Matching the supply of doctors with Alberta's needs

Des Gorman profile picDr. Des Gorman is a Professor of Medicine and Associate Dean of the Faculty of Medical and Health Sciences at the University of Auckland. From 2005 to 2010 inclusive, he was the Head of the School of Medicine of that university.

He has a BSc, MBChB, and MD degree from the University of Auckland, as well as a PhD from the University of Sydney. The two doctorates were awarded for in-vivo research into brain injuries. Dr. Gorman’s primary interests are: health system design and funding, health workforce planning and development; and, from a clinical perspective, brain injury, diving medicine, occupational medicine, and toxicology.

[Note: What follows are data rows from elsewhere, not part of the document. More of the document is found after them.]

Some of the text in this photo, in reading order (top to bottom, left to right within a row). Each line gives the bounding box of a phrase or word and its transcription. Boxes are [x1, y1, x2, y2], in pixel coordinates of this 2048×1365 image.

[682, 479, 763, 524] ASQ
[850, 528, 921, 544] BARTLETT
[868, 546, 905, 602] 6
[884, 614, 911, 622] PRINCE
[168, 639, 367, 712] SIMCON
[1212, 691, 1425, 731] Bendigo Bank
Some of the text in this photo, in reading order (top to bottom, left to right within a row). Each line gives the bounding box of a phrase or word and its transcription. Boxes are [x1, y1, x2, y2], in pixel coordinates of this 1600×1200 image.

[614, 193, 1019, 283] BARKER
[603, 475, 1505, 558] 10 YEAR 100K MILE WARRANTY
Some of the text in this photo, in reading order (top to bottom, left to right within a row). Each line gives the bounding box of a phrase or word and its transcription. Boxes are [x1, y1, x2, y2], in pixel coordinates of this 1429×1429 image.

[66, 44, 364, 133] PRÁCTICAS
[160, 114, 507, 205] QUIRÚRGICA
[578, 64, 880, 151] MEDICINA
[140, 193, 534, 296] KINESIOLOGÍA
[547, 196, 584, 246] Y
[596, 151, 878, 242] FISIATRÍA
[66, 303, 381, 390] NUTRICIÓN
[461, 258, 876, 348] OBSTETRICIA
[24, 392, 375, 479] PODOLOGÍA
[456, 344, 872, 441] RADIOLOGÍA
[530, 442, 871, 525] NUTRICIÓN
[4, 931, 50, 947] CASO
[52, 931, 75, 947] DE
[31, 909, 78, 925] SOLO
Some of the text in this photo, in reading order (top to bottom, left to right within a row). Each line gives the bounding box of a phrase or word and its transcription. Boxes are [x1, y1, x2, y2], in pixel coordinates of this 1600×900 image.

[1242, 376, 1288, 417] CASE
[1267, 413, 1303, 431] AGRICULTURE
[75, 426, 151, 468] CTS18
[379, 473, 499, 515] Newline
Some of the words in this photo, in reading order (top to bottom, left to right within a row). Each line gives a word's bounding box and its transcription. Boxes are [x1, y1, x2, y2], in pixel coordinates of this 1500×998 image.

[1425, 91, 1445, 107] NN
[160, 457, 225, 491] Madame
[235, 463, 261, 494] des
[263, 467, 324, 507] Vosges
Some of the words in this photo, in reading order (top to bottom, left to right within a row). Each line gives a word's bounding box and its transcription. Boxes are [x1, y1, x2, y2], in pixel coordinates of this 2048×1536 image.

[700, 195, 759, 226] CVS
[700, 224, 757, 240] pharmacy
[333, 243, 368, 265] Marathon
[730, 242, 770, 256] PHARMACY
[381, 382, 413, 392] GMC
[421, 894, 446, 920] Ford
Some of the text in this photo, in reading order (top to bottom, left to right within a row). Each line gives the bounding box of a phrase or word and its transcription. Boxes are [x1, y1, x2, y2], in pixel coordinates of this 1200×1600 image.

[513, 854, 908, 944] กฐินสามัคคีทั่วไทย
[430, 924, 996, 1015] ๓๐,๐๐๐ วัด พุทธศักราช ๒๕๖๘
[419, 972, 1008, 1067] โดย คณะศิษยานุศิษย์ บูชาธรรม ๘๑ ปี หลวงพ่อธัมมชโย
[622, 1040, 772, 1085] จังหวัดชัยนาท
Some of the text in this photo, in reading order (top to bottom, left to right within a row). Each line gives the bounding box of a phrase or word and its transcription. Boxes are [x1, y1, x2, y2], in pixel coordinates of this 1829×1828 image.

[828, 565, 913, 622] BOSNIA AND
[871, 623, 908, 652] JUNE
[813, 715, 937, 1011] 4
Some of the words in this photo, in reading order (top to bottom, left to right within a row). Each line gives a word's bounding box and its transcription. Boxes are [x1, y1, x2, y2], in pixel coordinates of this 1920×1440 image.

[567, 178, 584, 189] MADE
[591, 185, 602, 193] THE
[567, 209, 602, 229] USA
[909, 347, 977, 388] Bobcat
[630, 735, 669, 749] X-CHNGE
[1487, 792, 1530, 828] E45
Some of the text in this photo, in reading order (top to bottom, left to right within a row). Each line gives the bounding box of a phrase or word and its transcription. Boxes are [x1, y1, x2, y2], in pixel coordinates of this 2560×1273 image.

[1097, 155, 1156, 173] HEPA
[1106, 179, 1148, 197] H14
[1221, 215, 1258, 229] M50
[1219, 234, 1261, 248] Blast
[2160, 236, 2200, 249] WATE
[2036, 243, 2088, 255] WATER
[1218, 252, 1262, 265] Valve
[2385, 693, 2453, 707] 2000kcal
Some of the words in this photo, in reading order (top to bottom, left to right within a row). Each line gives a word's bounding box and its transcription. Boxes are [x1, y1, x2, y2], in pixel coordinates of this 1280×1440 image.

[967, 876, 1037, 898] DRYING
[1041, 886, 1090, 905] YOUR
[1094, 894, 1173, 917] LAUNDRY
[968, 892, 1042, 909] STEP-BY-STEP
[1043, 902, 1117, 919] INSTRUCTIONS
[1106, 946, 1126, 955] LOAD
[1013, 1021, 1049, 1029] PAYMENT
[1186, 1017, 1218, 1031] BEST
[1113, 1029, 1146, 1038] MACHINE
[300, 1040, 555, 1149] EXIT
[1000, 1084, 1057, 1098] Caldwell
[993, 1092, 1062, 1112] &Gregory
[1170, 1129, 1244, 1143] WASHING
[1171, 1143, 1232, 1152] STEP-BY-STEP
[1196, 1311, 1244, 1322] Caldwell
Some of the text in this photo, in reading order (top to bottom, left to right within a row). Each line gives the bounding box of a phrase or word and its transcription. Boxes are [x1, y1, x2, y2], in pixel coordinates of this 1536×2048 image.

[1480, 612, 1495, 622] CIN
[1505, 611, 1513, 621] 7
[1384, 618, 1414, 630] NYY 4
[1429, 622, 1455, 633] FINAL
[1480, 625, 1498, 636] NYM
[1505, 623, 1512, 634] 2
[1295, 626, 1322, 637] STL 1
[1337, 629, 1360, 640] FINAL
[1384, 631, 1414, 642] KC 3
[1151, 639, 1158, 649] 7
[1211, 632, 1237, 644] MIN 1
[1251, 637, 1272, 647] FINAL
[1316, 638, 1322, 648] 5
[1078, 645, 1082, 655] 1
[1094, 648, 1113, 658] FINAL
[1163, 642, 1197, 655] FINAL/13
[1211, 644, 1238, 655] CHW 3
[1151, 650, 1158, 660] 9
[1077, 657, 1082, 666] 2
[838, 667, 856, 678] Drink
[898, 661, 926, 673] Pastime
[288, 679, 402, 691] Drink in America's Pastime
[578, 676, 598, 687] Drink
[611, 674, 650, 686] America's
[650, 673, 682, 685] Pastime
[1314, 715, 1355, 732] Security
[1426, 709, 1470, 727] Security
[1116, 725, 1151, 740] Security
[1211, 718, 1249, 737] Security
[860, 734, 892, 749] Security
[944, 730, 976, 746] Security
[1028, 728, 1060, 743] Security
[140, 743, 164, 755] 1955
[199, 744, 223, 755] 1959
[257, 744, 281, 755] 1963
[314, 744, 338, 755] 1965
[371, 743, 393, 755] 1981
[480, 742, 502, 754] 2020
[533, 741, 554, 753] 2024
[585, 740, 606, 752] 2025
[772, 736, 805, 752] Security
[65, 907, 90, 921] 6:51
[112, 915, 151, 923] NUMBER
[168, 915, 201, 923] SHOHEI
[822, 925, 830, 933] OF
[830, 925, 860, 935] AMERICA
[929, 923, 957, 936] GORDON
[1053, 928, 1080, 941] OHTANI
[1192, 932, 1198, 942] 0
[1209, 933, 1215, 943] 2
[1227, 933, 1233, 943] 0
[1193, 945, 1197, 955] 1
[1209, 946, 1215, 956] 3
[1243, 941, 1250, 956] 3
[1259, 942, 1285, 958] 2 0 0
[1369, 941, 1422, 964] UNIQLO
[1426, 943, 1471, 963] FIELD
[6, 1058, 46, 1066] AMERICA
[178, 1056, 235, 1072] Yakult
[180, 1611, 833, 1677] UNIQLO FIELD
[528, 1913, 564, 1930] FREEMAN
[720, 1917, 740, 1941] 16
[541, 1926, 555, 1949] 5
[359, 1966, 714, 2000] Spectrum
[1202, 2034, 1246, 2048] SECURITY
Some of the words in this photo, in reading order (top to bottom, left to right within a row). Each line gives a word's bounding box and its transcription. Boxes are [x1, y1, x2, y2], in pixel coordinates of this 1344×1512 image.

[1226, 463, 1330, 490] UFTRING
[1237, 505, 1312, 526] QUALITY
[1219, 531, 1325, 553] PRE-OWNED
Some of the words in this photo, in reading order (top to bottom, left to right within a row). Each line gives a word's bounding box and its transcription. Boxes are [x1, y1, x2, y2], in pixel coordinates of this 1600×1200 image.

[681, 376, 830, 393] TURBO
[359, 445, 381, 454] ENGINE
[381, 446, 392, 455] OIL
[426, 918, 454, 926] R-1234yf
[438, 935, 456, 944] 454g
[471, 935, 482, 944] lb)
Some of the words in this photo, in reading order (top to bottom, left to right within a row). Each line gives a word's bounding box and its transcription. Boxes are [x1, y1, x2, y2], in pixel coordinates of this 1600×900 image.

He has more than 250 publications.

He is a member of the Board of Directors of the New Zealand Accident Compensation and Rehabilitation Corporation, and is the Executive Chairman of Health Workforce New Zealand, as well as being a member of the Capital Investment Committee of the Ministry of Health. He was a member of the Government’s welfare working group, whose report led to a reform of the New Zealand welfare system. Dr. Gorman is currently overseeing or is involved in health reforms in a number of different jurisdictions.

He has served in both the Royal Australian Navy and the Royal New Zealand Navy. During his service in the former, he trained as both a submariner and as a diver.